A simple randomization method was used to select the subjects in the intervention and control groups. To this end, first, the names of the older were written on separate sheets, and then they were placed in an envelope. The participants were randomly placed in the intervention and control groups by taking them out of it one by one. At baseline, the researcher completed the questionnaires by asking questions about the samples. After training corrective exercises, the musculoskeletal status of the samples was checked again by the researcher. The pre-test was performed one week before and the post-test one week after the 8-week intervention (corrective exercise).

The sample size was calculated by considering the test power of 0.9 and the significance level of 0.05, 26 people for each group based on the following formula. Taking into account the probability of attrition, the final sample size of 35 people for each group was considered.
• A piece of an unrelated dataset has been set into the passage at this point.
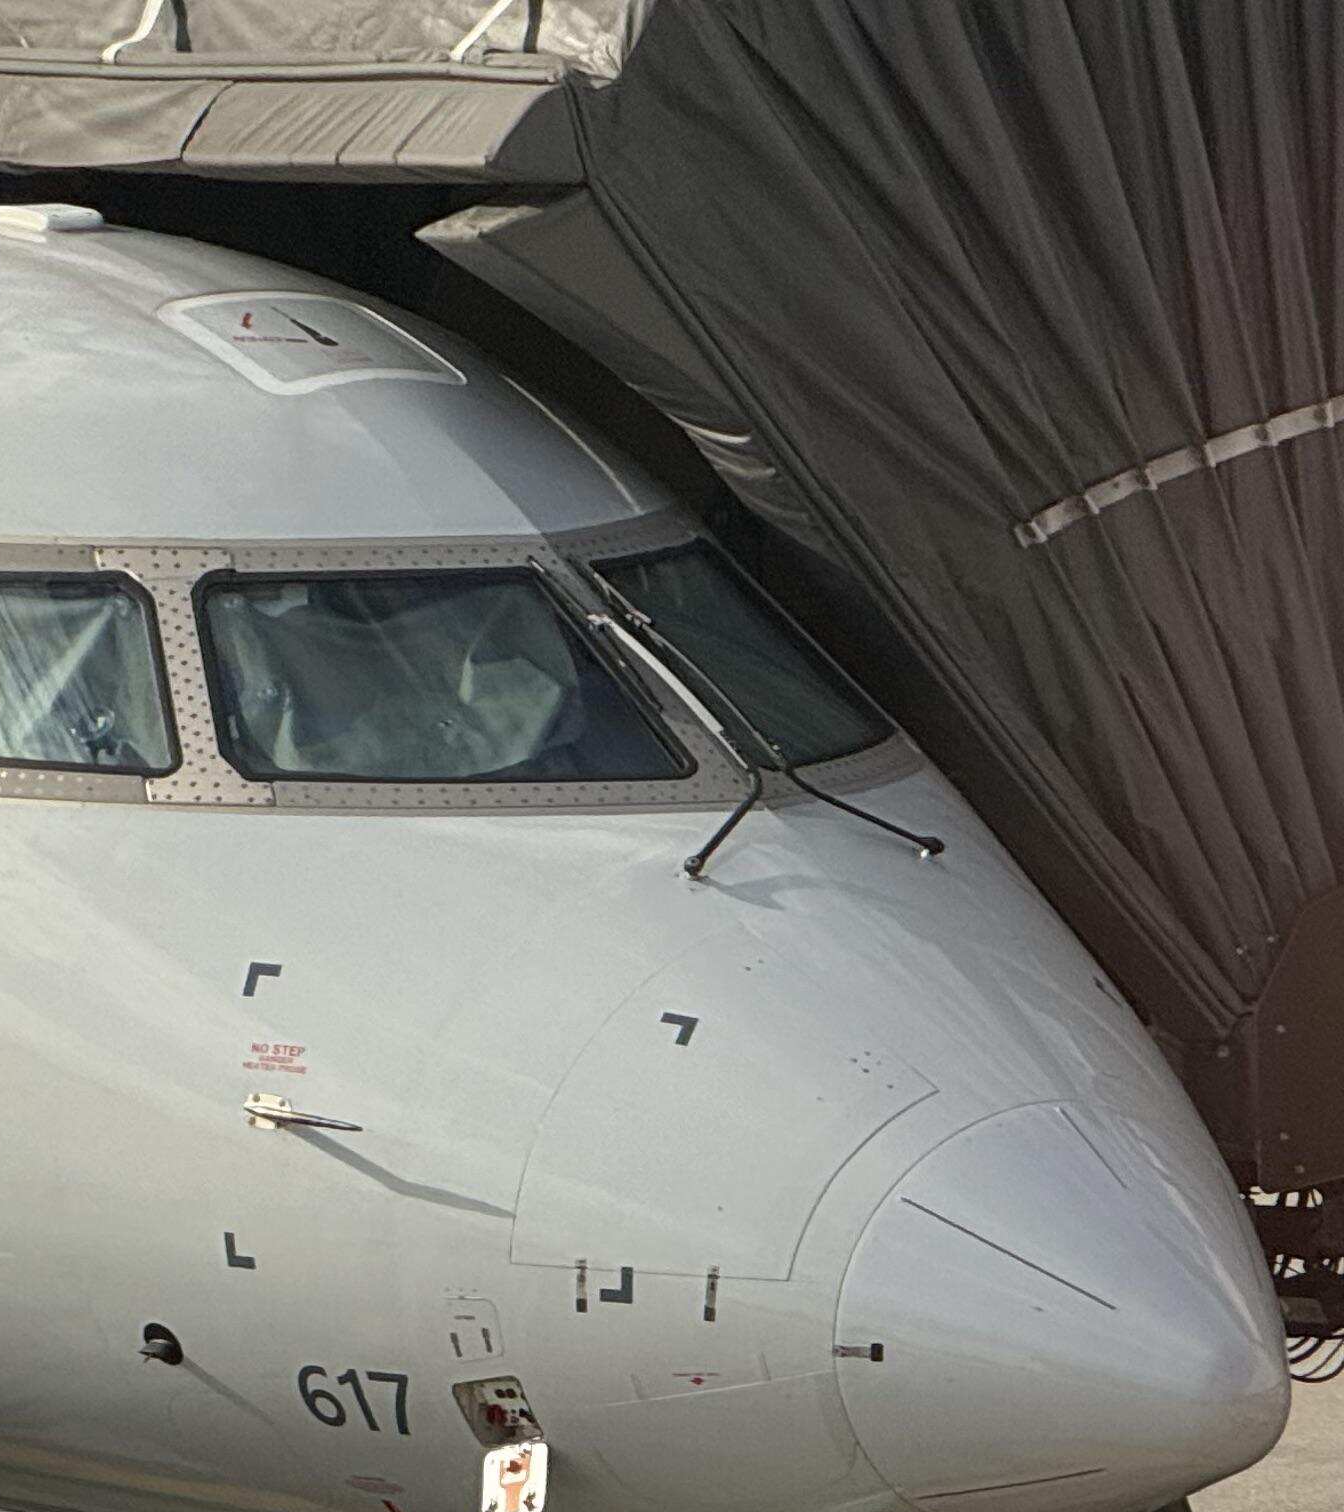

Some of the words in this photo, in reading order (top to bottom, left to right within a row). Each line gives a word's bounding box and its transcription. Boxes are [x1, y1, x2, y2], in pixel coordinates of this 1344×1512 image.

$$n=\frac{{\left({Z}_{1-\frac{\alpha }{2}}+{Z}_{1-\beta }\right)}^{2}({\delta }_{1}^{2}+{\delta }_{2}^{2})}{{({\mu }_{1}-{\mu }_{2})}^{2}}$$
$$n=\frac{{(1.96+1.28)}^{2}{(4.45}^{2}+{4.38}^{2})}{{\left(7-11\right)}^{2}}=25.57\cong 26$$

Research instruments

Research instruments included a demographic information questionnaire (age, sex, marital status, number of children, number of grandchildren, previous place of residence, years of work history, income, medical history, body mass index (BMI), blood pressure, and pulse and respiration rate before and after the intervention), the Nordic Musculoskeletal Questionnaire (NMQ) and the pain Visual Analog Scale (VAS), which were completed by the researcher by asking relevant questions from the samples.

The Nordic Musculoskeletal Questionnaire is one of the most common questionnaires for determining musculoskeletal symptoms, presented by Kuorinka et al. at the Institute of Occupational Health in Nordic countries in 1987 [26]. It assesses only three areas of the body. Dawson later modified the instrument in 2009 and evaluated nine body parts [27, 28]. It is used to assess the patterns and prevalence of MSDs for the different parts of the body regions in the last 12 months [29]. This questionnaire consisted of general questions on the history of having trouble in any of the nine body regions: neck, upper back, lower back, shoulder, elbow, hand/wrist, hip, knee, and ankle/foot. This questionnaire was accompanied by a body map diagram, which facilitated the subjects to locate the pain or discomfort sites in their bodies. In addition, questions were also asked regarding the subject’s lifetime experiences, followed by the prevalent questions, and, lastly, on the items related to consequences of pain in the whole year. The response categories were restricted to “yes” and “no”. It is reliable for collecting information about the onset, prevalence, and consequences of musculoskeletal pain in the nine body regions [29]. This instrument has been used many times in epidemiological studies in Iran. The psychometric properties of this instrument were evaluated by Mokhtarinia et al. (2015). The range of the kappa coefficient was calculated between 0.78 and 1 [28].

In the present study, the pain Visual Analog Scale (VAS) was used to assess pain intensity. This scale is one of the oldest, easiest, and best-validated measures to assess pain [30]. The VAS is a 10 cm line with anchor statements ranging from zero (no pain) on the left to 10 (the most severe) on the right. Mild, moderate, and severe pain are indicated by scores 1–3, 4–7, and 8–10, respectively [31, 32]. Its validity and reliability are excellent and its reliability was confirmed in Iran with a correlation coefficient of r = .88 [32].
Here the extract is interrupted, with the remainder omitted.